_What is needed:_ Every line below is to be copied exactly, with the pictures left out.

-------- Dataset --------

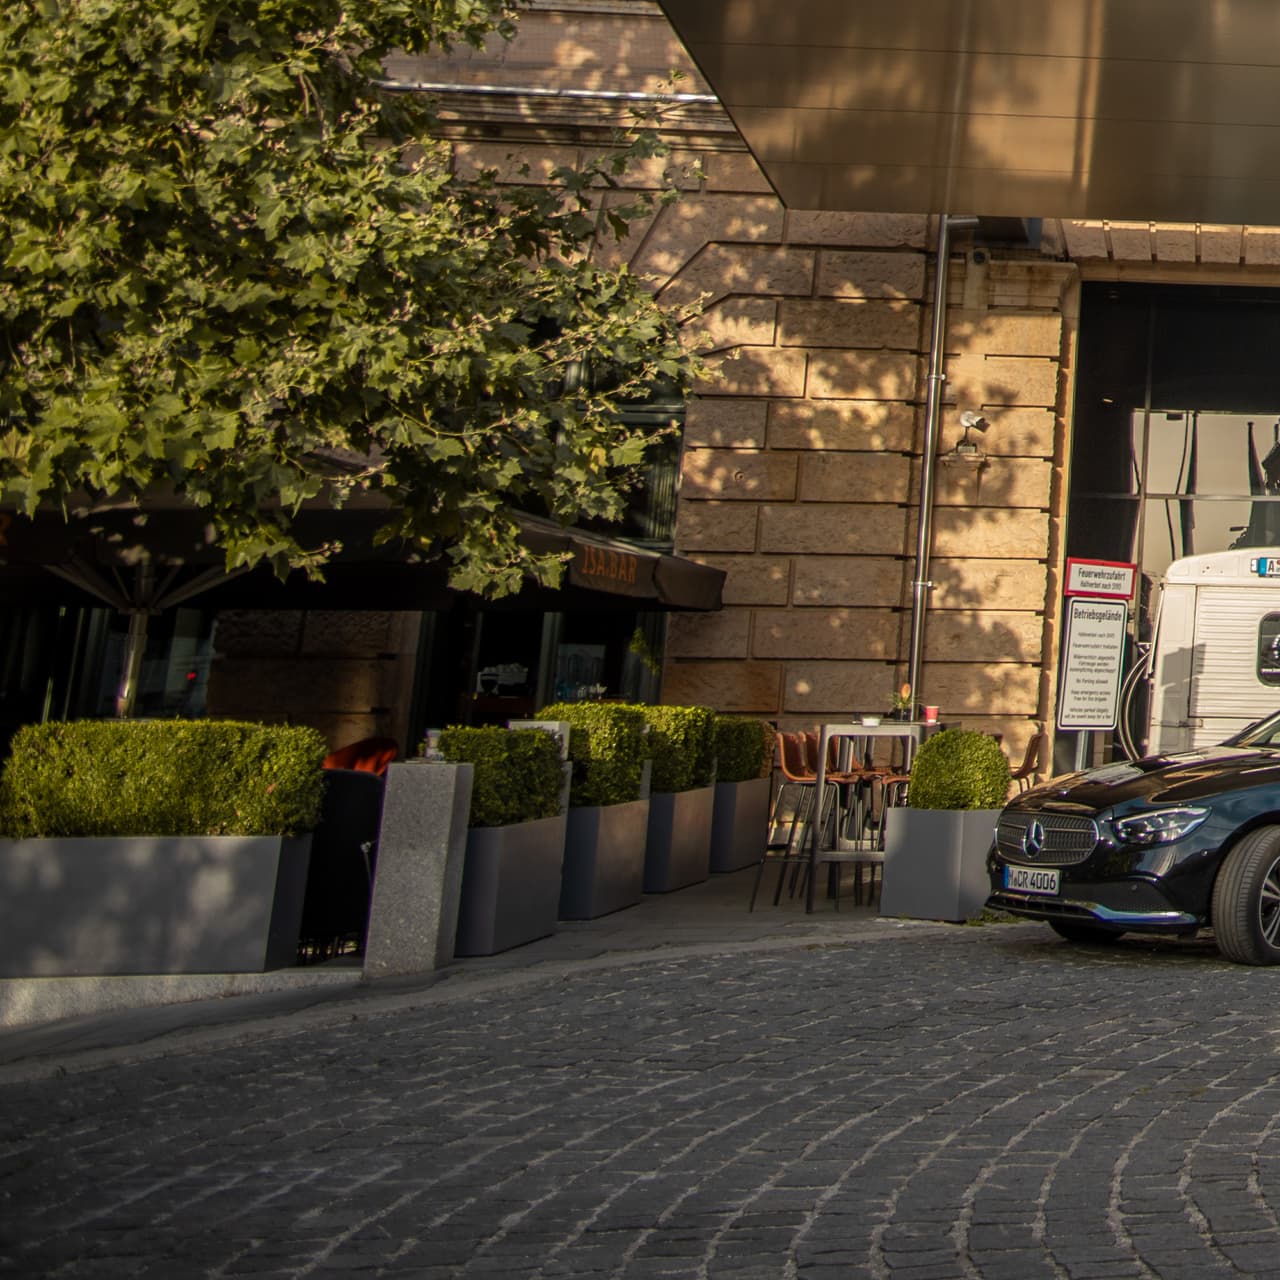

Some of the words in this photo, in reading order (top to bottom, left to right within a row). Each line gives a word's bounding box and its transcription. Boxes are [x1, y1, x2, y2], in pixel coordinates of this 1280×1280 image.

[1267, 559, 1274, 573] A
[1078, 567, 1126, 581] Feuerwehrzufahrt
[1074, 608, 1122, 622] Betriebsgelände
[1030, 872, 1057, 890] 4006
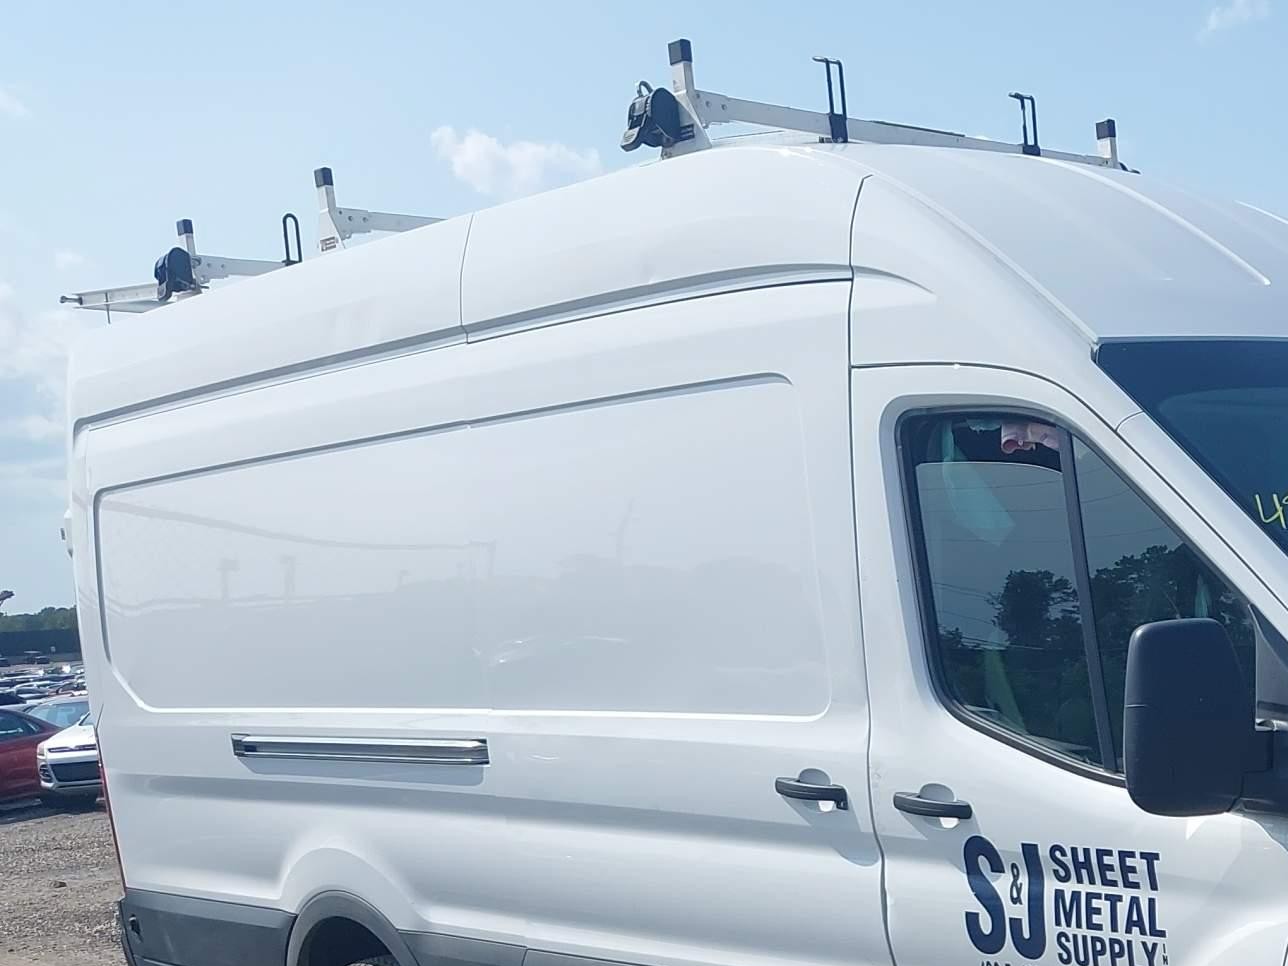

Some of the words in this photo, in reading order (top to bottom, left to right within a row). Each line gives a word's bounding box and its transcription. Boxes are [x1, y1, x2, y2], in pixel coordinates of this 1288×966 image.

[1049, 844, 1160, 892] SHEET
[964, 835, 1047, 960] S&J
[1054, 889, 1167, 939] METAL
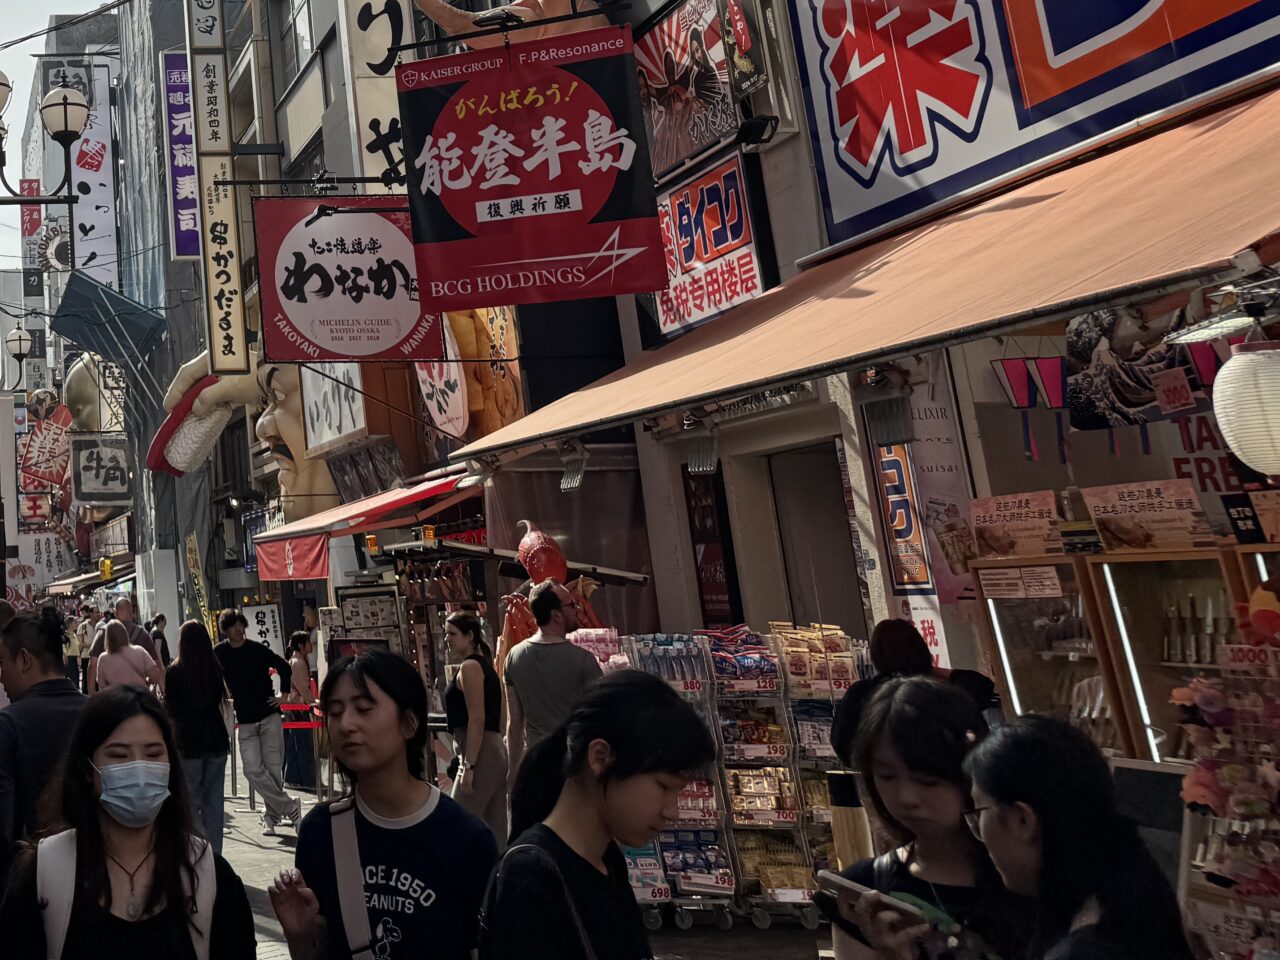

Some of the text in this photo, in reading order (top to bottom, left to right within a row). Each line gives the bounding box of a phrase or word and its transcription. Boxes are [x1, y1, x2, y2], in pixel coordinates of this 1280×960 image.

[420, 58, 504, 81] KAISER GROUP
[518, 38, 625, 65] F.P&Resonance
[203, 64, 222, 143] 創業昭和四年
[455, 81, 579, 120] がんばろう!
[414, 109, 637, 196] 能登半島
[487, 193, 572, 218] 復興祈願
[675, 166, 745, 267] ダイコク
[210, 219, 239, 357] 串かつだるま
[280, 251, 411, 304] わなか
[430, 266, 586, 297] BCG HOLDINGS
[660, 251, 758, 327] 免税专用楼层
[274, 312, 320, 358] TAKOYAKI
[319, 319, 392, 327] MICHELIN GUIDE
[329, 327, 380, 335] KYOTO OSAKA
[399, 313, 436, 356] WANAKA
[1171, 415, 1228, 454] TA
[82, 450, 127, 487] 牛角
[919, 463, 960, 474] suisai
[1172, 455, 1243, 493] FRE
[756, 680, 775, 689] 128
[388, 868, 437, 908] 1950
[651, 888, 670, 898] 698
[714, 876, 734, 887] 198
[363, 892, 415, 914] EANUTS
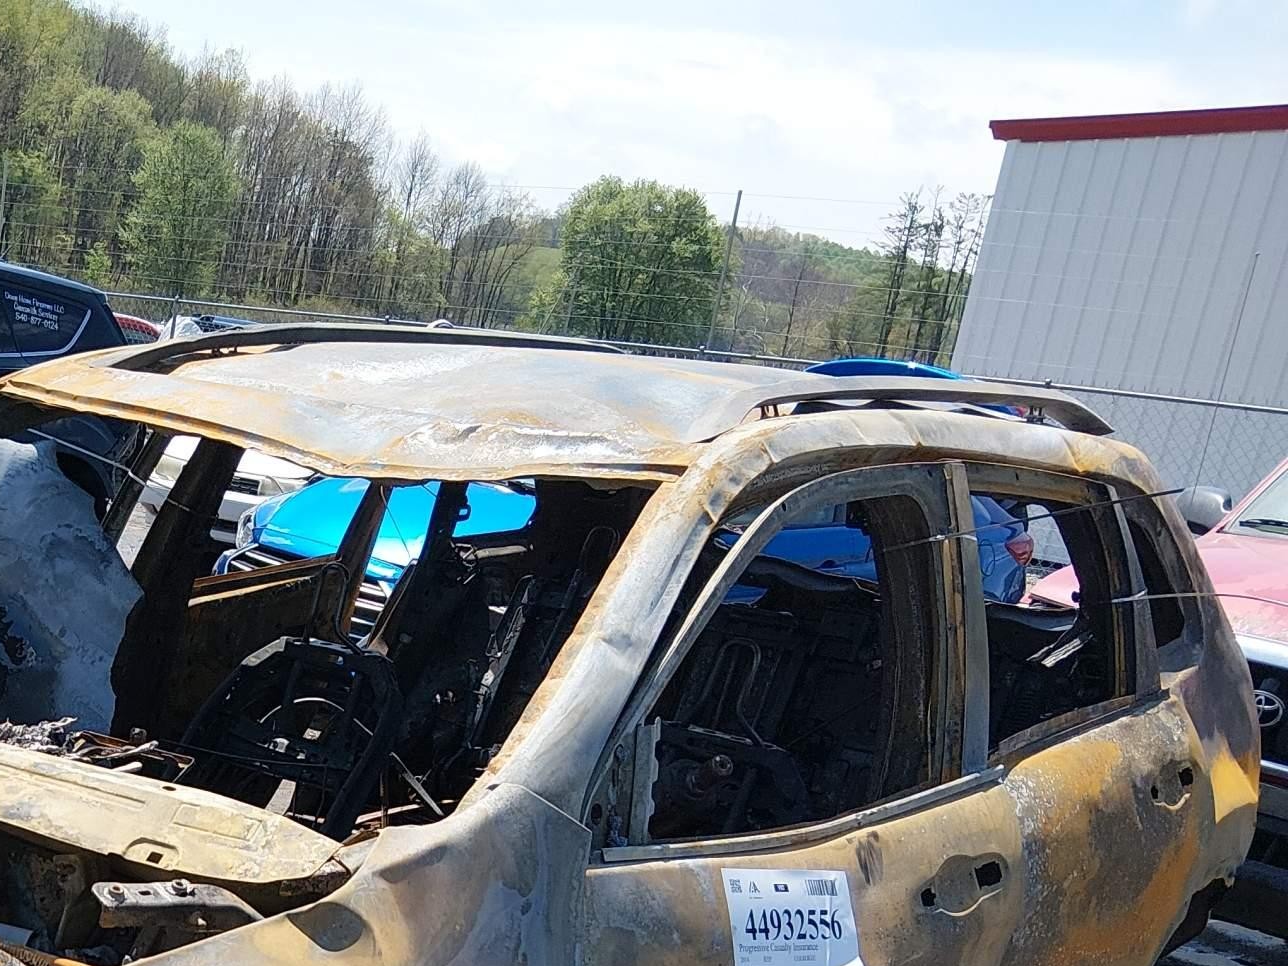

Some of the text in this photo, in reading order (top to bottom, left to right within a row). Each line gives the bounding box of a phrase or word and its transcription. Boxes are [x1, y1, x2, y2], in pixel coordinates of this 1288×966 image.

[53, 303, 65, 314] LLC
[745, 908, 842, 941] 44932556
[739, 943, 769, 954] Progressive
[793, 942, 819, 952] Insurance
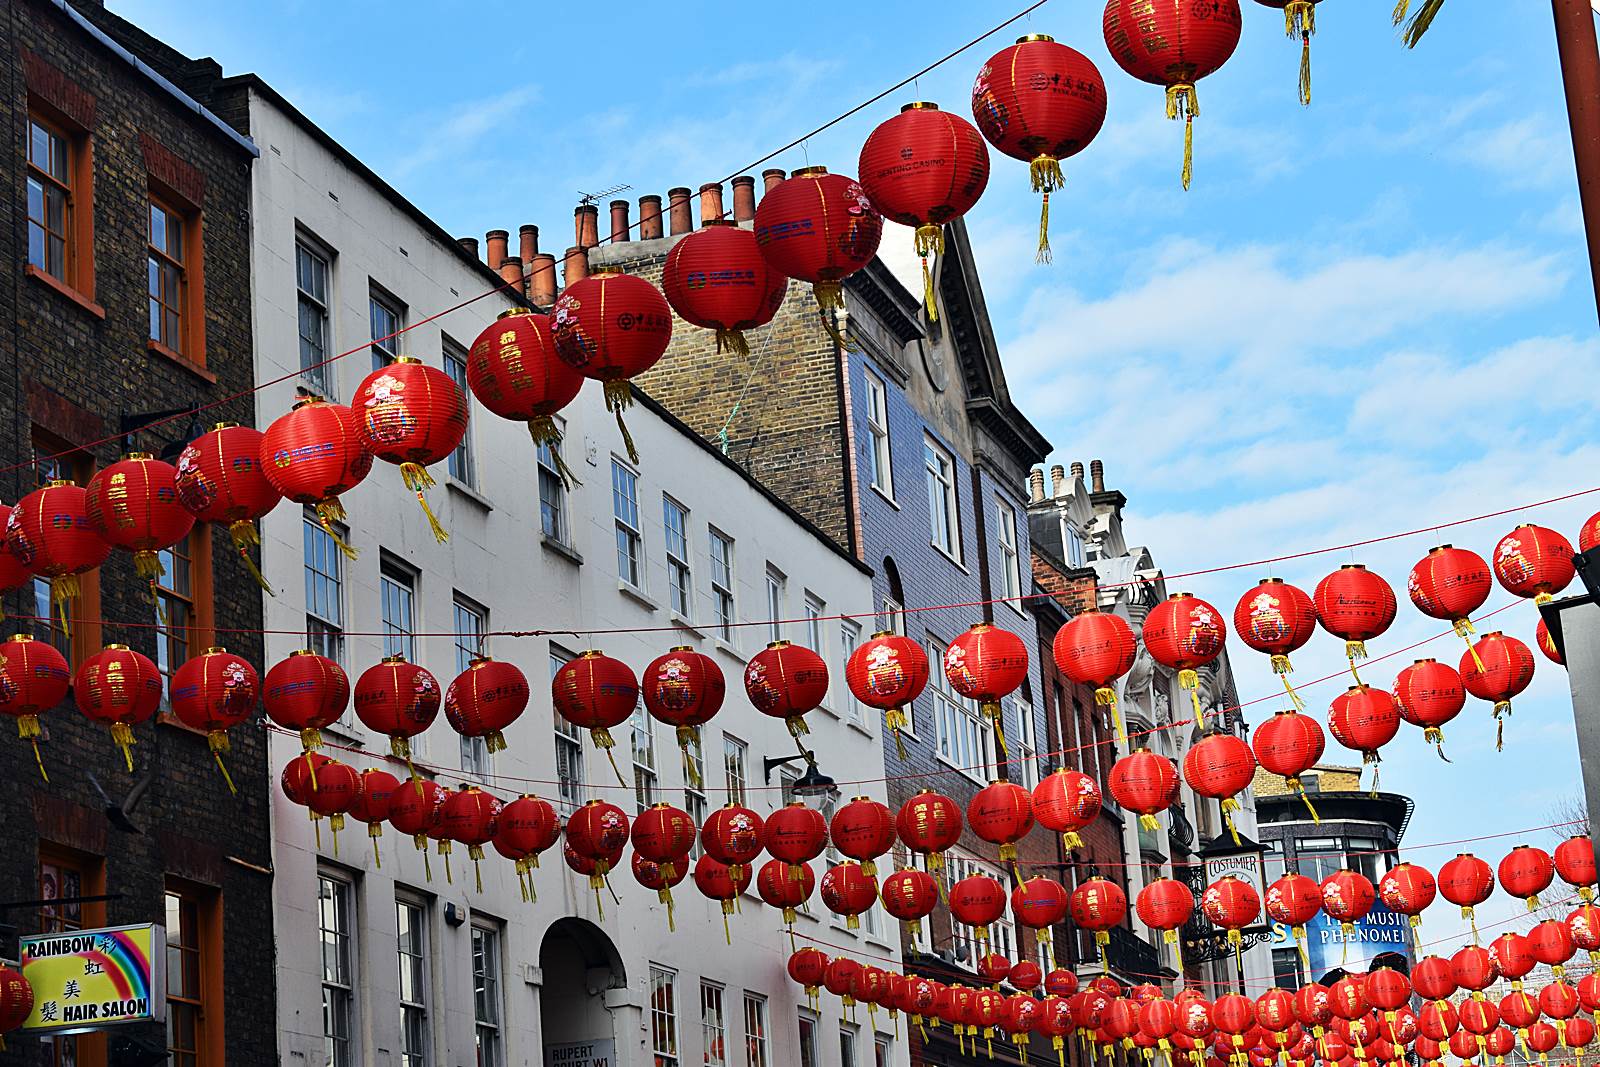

--------

_Solution:_
Some of the words in this photo, in reading order (top to bottom, left to right within a row). Each line gives a word's bounding box and its transcription. Boxes are [x1, y1, x2, y2], in pixel coordinates of this 1280×1280 image.

[1267, 559, 1274, 573] A
[1078, 567, 1126, 581] Feuerwehrzufahrt
[1074, 608, 1122, 622] Betriebsgelände
[1030, 872, 1057, 890] 4006

Some of the words in this photo, in reading order (top to bottom, left to right within a row). Each line gives a word's bounding box and its transcription. Boxes are [x1, y1, x2, y2], in pixel coordinates of this 1288×966 image.

[1049, 844, 1160, 892] SHEET
[964, 835, 1047, 960] S&J
[1054, 889, 1167, 939] METAL

Some of the text in this photo, in reading order (top to bottom, left to right within a row). Each line gives the bounding box of a phrase or word and its transcription. Boxes are [x1, y1, x2, y2], in pixel coordinates of this 1280×960 image.

[420, 58, 504, 81] KAISER GROUP
[518, 38, 625, 65] F.P&Resonance
[203, 64, 222, 143] 創業昭和四年
[455, 81, 579, 120] がんばろう!
[414, 109, 637, 196] 能登半島
[487, 193, 572, 218] 復興祈願
[675, 166, 745, 267] ダイコク
[210, 219, 239, 357] 串かつだるま
[280, 251, 411, 304] わなか
[430, 266, 586, 297] BCG HOLDINGS
[660, 251, 758, 327] 免税专用楼层
[274, 312, 320, 358] TAKOYAKI
[319, 319, 392, 327] MICHELIN GUIDE
[329, 327, 380, 335] KYOTO OSAKA
[399, 313, 436, 356] WANAKA
[1171, 415, 1228, 454] TA
[82, 450, 127, 487] 牛角
[919, 463, 960, 474] suisai
[1172, 455, 1243, 493] FRE
[756, 680, 775, 689] 128
[388, 868, 437, 908] 1950
[651, 888, 670, 898] 698
[714, 876, 734, 887] 198
[363, 892, 415, 914] EANUTS

Some of the text in this photo, in reading order (top to bottom, left to right within a row). Each line gives the bounding box of a phrase or word and its transcription. Boxes are [x1, y1, x2, y2], in pixel coordinates of this 1288×966 image.

[53, 303, 65, 314] LLC
[745, 908, 842, 941] 44932556
[739, 943, 769, 954] Progressive
[793, 942, 819, 952] Insurance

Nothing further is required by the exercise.